3. You will hoist your flag on board such vessel as will probably be longest in the harbor,and when it is time for her to leave you will transfer your flag to some other vessel.2
4. Enclosed you will find a copy of orders lately addressed to Admiral Sampson regarding the duties of commodores in his fleet.3 The two commodores referred to are yourself and Commodore J.C.Watson.4
Source Note: Cy, DNA, RG 313 Entry 51. Addressed below close: “Commodore George C. Remey,U.S.N,/Commandant,Navy Yard,/Portsmouth,N.H.” At the top of the page is the note: “John D. Long,/Secretary.” This is followed by the typist’s initials: “WAM” and a document identification number:”105708.”
Footnote 1: RAdm.
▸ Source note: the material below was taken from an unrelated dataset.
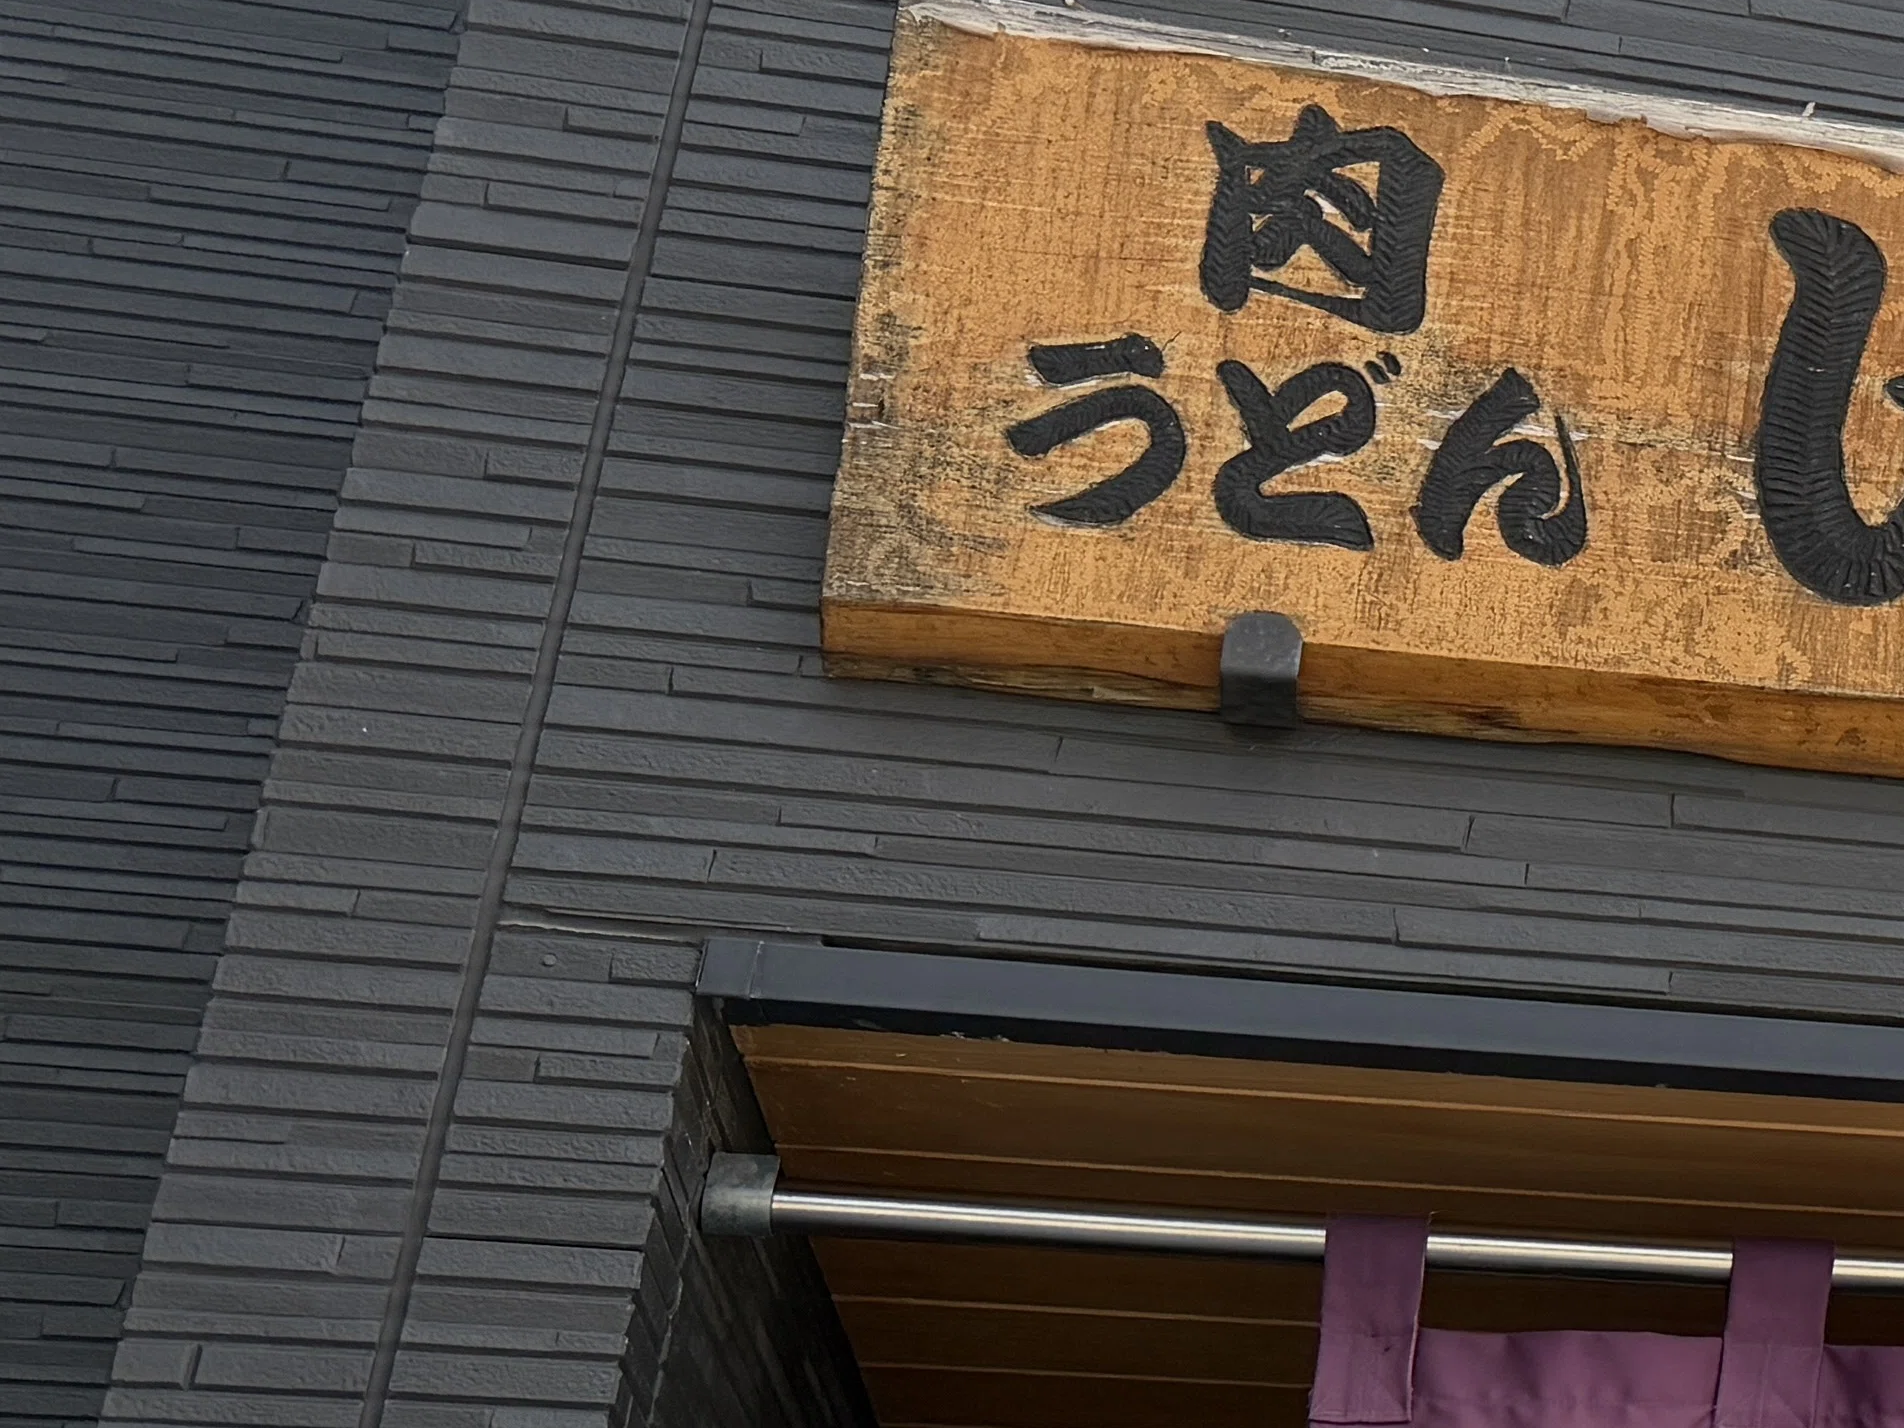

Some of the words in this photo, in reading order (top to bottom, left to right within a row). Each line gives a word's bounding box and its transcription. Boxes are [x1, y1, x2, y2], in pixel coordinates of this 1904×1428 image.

William T. Sampson, Commander, North Atlantic Squadron.
Footnote 2: Remey made the sloop-of-war Lancaster his flagship.
Footnote 3: See: Long to Sampson, 28 April 1898.
Footnote 4: The Commandant of the Philadelphia Navy Yard, Commo. John C. Watson, received a similar letter from Secretary Long on 28 April 1898. Long ordered Watson to serve as a division commander, freeing Sampson to move wherever needed along the Cuban coast without fear of disrupting the American blockade. Watson’s letter ordered him to:
...proceed, without delay, to Key West, Florida, from which place you will proceed to wherever the flagship of the North Atlantic Station may be and report, in person, to commander-in-chief.
Watson also received a copy of Long’s 28 April 1898, letter to Sampson explaining both his and Commo. Remey’s roles on the North Atlantic Station. See, Long to Watson, 28 April 1898, Cy, DNA, RG 313 Entry 53.